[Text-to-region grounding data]
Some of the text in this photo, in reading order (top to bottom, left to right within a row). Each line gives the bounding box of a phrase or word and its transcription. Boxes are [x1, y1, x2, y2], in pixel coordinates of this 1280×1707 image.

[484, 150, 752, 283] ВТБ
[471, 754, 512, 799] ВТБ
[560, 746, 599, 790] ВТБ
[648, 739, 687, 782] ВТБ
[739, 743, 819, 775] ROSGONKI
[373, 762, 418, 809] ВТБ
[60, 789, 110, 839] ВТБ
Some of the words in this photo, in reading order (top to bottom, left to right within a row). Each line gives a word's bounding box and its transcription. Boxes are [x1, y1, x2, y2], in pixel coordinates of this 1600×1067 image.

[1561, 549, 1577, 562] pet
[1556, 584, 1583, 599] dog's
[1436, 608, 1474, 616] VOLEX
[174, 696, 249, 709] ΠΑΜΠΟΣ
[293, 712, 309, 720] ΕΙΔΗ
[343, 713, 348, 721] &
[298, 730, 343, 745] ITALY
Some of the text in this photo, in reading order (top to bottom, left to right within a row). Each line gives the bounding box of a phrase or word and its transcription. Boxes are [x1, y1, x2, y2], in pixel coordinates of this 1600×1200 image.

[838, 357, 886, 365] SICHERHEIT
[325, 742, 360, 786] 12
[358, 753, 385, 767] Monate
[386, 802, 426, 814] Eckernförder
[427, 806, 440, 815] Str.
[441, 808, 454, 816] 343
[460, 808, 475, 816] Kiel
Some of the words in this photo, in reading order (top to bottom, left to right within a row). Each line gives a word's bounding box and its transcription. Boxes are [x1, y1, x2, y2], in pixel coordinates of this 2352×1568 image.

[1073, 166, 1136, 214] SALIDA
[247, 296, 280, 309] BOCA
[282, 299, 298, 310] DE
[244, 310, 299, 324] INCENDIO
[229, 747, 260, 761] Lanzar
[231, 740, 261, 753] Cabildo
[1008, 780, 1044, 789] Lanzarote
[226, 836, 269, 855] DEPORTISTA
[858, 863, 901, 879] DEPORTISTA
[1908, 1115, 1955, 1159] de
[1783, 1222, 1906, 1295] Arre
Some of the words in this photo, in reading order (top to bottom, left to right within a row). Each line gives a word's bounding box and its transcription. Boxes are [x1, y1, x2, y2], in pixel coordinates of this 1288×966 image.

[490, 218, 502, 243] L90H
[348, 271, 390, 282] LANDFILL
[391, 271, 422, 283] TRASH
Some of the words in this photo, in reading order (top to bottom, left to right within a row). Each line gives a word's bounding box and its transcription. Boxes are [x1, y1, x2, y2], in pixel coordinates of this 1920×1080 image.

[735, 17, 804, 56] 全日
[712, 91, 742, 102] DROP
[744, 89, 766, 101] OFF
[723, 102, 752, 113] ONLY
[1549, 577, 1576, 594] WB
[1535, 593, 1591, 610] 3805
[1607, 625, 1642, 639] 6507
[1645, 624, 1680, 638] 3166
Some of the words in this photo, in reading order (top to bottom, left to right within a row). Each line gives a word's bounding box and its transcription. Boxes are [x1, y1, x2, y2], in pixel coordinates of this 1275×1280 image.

*Exercise*: Repeat each of the records exactly as written.

*Exercise answer*:
Some of the text in this photo, in reading order (top to bottom, left to right within a row). Each line gives the bounding box of a phrase or word and its transcription. Boxes are [x1, y1, x2, y2], in pixel coordinates of this 1280×1707 image.

[484, 150, 752, 283] ВТБ
[471, 754, 512, 799] ВТБ
[560, 746, 599, 790] ВТБ
[648, 739, 687, 782] ВТБ
[739, 743, 819, 775] ROSGONKI
[373, 762, 418, 809] ВТБ
[60, 789, 110, 839] ВТБ
Some of the words in this photo, in reading order (top to bottom, left to right within a row). Each line gives a word's bounding box and its transcription. Boxes are [x1, y1, x2, y2], in pixel coordinates of this 1600×1067 image.

[1561, 549, 1577, 562] pet
[1556, 584, 1583, 599] dog's
[1436, 608, 1474, 616] VOLEX
[174, 696, 249, 709] ΠΑΜΠΟΣ
[293, 712, 309, 720] ΕΙΔΗ
[343, 713, 348, 721] &
[298, 730, 343, 745] ITALY
Some of the text in this photo, in reading order (top to bottom, left to right within a row). Each line gives the bounding box of a phrase or word and its transcription. Boxes are [x1, y1, x2, y2], in pixel coordinates of this 1600×1200 image.

[838, 357, 886, 365] SICHERHEIT
[325, 742, 360, 786] 12
[358, 753, 385, 767] Monate
[386, 802, 426, 814] Eckernförder
[427, 806, 440, 815] Str.
[441, 808, 454, 816] 343
[460, 808, 475, 816] Kiel
Some of the words in this photo, in reading order (top to bottom, left to right within a row). Each line gives a word's bounding box and its transcription. Boxes are [x1, y1, x2, y2], in pixel coordinates of this 2352×1568 image.

[1073, 166, 1136, 214] SALIDA
[247, 296, 280, 309] BOCA
[282, 299, 298, 310] DE
[244, 310, 299, 324] INCENDIO
[229, 747, 260, 761] Lanzar
[231, 740, 261, 753] Cabildo
[1008, 780, 1044, 789] Lanzarote
[226, 836, 269, 855] DEPORTISTA
[858, 863, 901, 879] DEPORTISTA
[1908, 1115, 1955, 1159] de
[1783, 1222, 1906, 1295] Arre
Some of the words in this photo, in reading order (top to bottom, left to right within a row). Each line gives a word's bounding box and its transcription. Boxes are [x1, y1, x2, y2], in pixel coordinates of this 1288×966 image.

[490, 218, 502, 243] L90H
[348, 271, 390, 282] LANDFILL
[391, 271, 422, 283] TRASH
Some of the words in this photo, in reading order (top to bottom, left to right within a row). Each line gives a word's bounding box and its transcription. Boxes are [x1, y1, x2, y2], in pixel coordinates of this 1920×1080 image.

[735, 17, 804, 56] 全日
[712, 91, 742, 102] DROP
[744, 89, 766, 101] OFF
[723, 102, 752, 113] ONLY
[1549, 577, 1576, 594] WB
[1535, 593, 1591, 610] 3805
[1607, 625, 1642, 639] 6507
[1645, 624, 1680, 638] 3166
Some of the words in this photo, in reading order (top to bottom, left to right within a row). Each line gives a word's bounding box and its transcription. Boxes are [x1, y1, x2, y2], in pixel coordinates of this 1275×1280 image.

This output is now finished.